Revista Cultura y Ocio

Todo es de color

Por Calvodemora
Todo es de color
No dudo que estemos en los límites absolutos de la abstracción, ni que algunos, al ver Untitled (Yellow and blue), el cuadro que cuelgan los dos operarios, o Orange, red and yellow, la segunda fotografía, la de la señora pasando inadvertidamente frente a la obra, piensen en Rothko como un genio absoluto de la pintura del siglo XX. Al final va a ser verdad que lo etéreo emana o que el nihilismo transpira como un atleta de maratón en el tramo final o que el drama humano se exhibe con absoluta y descarnada fiereza. Soy capaz de prestar toda la atención de la que dispongo y escuchar lo que me cuenten sobre este cuadro famoso. No se me ocurre que mi ignorancia interrumpa a quien me esté ilustrando con alguna ocurrencia jocosa, del tipo mi hijo era capaz de hacer eso en cuarto de primaria. De llevar yo razón, no se habría vendido en una subasta en Sotheby's por 46,5 millones de dólares. De verdad que no soy enemigo de lo abstracto; de hecho, en ocasiones, me he sentido tentado de volver a estudiar Filosofía, como antaño, cuando más joven, pero me ha disuadido la realidad, que va siempre muy rápida y no da tregua a nadie, ni siquiera a un voluntarioso aprendiz como un servidor.
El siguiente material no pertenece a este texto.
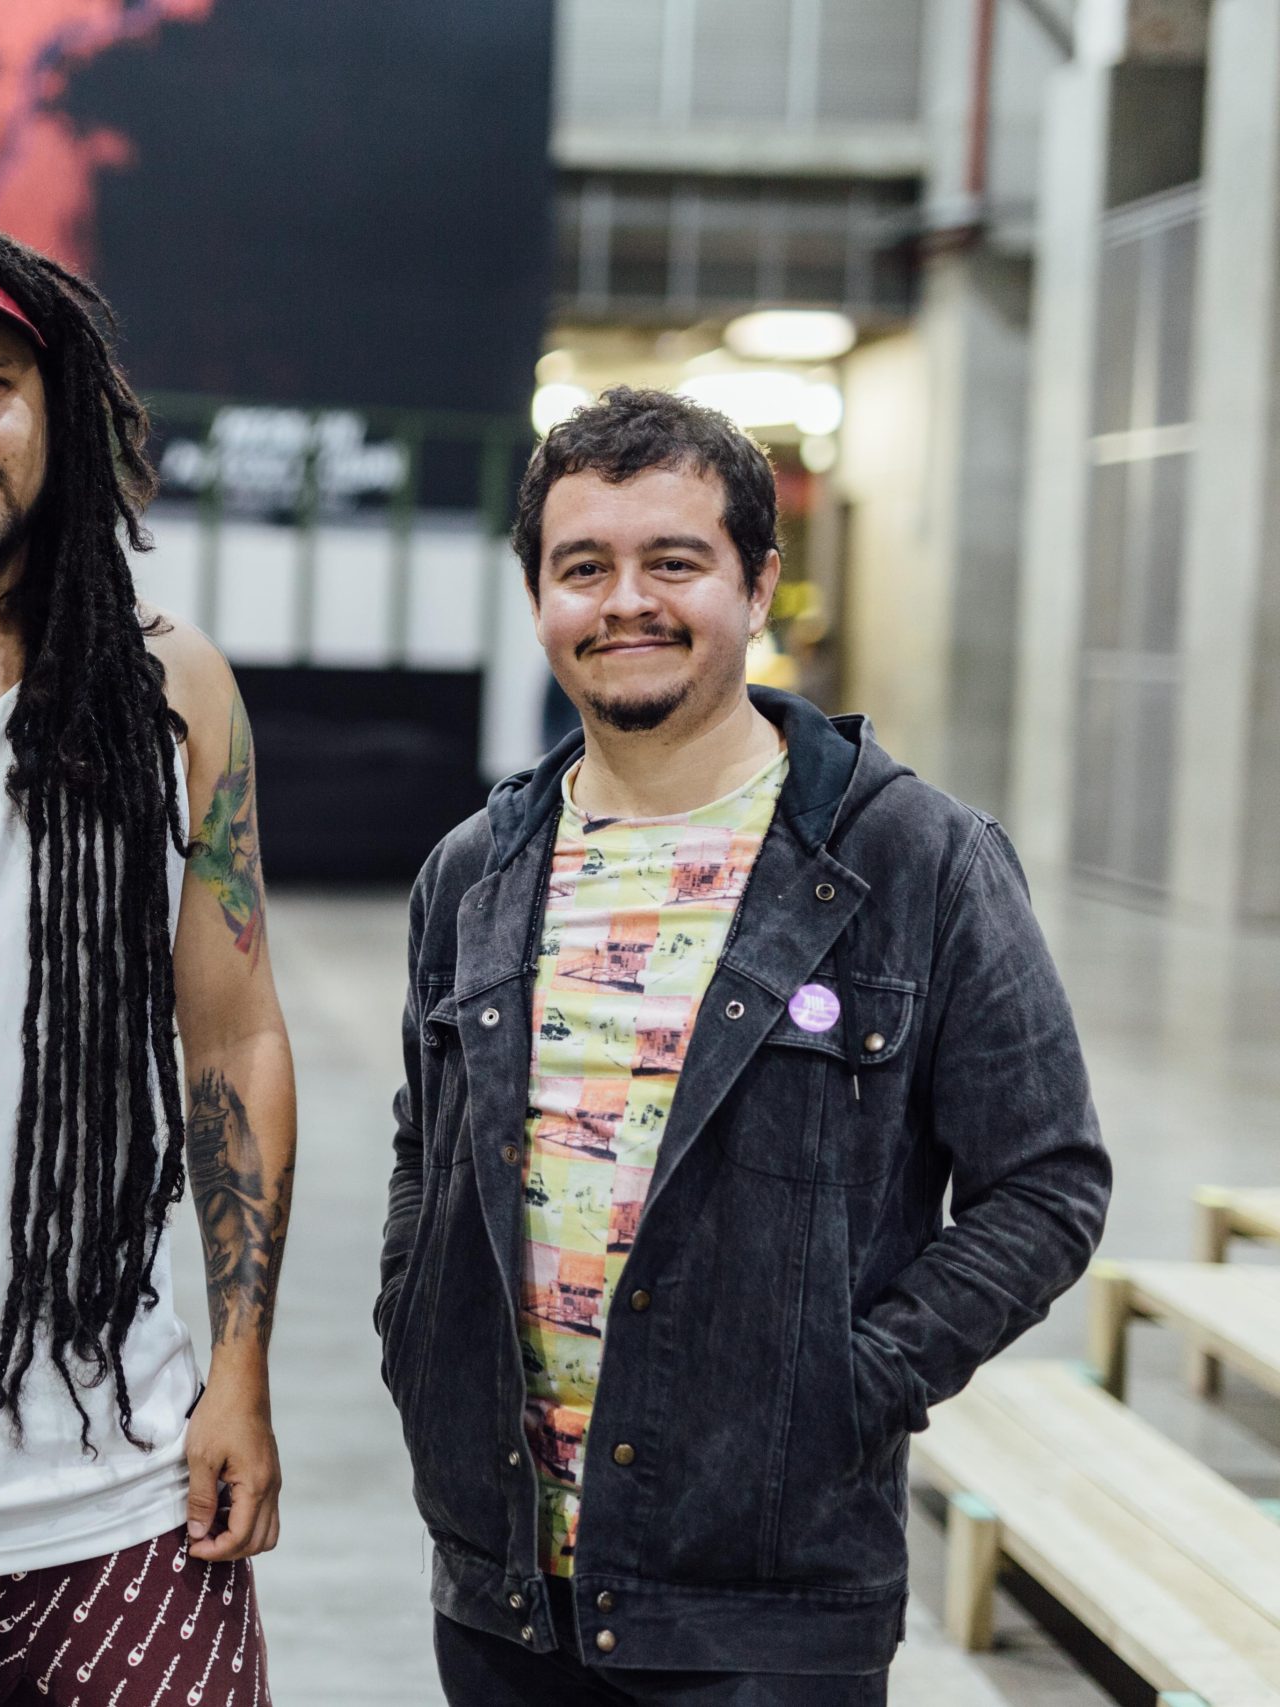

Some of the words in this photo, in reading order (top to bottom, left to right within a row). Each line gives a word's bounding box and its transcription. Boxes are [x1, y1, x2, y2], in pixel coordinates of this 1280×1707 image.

Tal vez no tenga la sensibilidad que el ingenio de Rothko exige a su público. Porque será público, imagino. O igual, en este rango de hondura pictórica, es otro el nombre con el que se les llama.
Todo es de color
En mi entendederas, cortas a más no poder, alcanzo a razonar que lo trascendente de esta obra no es lo pintado en sí, sino la idea de que nadie había hecho nada parecido. En el arte a veces no triunfa la belleza sino la historiografía de la belleza, una especie de acuerdo consensuado entre los críticos que hace que se privilegie el discurso que precede a la observación del cuadro más que el cuadro por sí mismo. Leo con infinito asombro que la obra de Rothko es compleja. Me informo de que era un ruso judío que anhelaba sentir la vibración del espíritu en lo que pintaba. Lector de Nietzsche, fascinado por la música sinfónica rusa del siglo XX, Rothko debió ser un tipo inteligente. Lo es sin duda el que hace que los demás inteligentes ocupen su tiempo en hablar de él y hacerlo con absoluta devoción. No hay ningún texto (de los que he ojeado) en el que el articulista decline la posibilidad de ensalzar al pintor o de rebajar la monumentalidad de su obra. Será cosa de leer más (pero no lo haré) o de ver los cuadros a un par de metros, en un museo, en donde verse los cuadros. Quizá ahí adquieran todo su incuestionable esplendor. Lampo por encontrar alguien que zanje mis contradicciones. Seguro que hay un amable lector que entiende el arte más que yo. Acabo. Rothko se suicidó en 1970. Sus obras, conforme se acercaba ese desenlace funesto, abandonaban los colores vivos y abrazaban sin disimulo los grises, los marrones, incluso negros empalidecidos. Como siga escribiendo, voy a terminar por comprenderlo todo de manera íntegra y limpia. Me van viniendo las palabras. Se me ocurren ideas que antes no vislumbraba siquiera. Creo que estoy viendo la luz. Veo la angustia, veo el conflicto, veo con imprevista claridad la armonía del cosmos y estoy dispuesto a defender mi súbita epifanía con cualquiera que la rebata.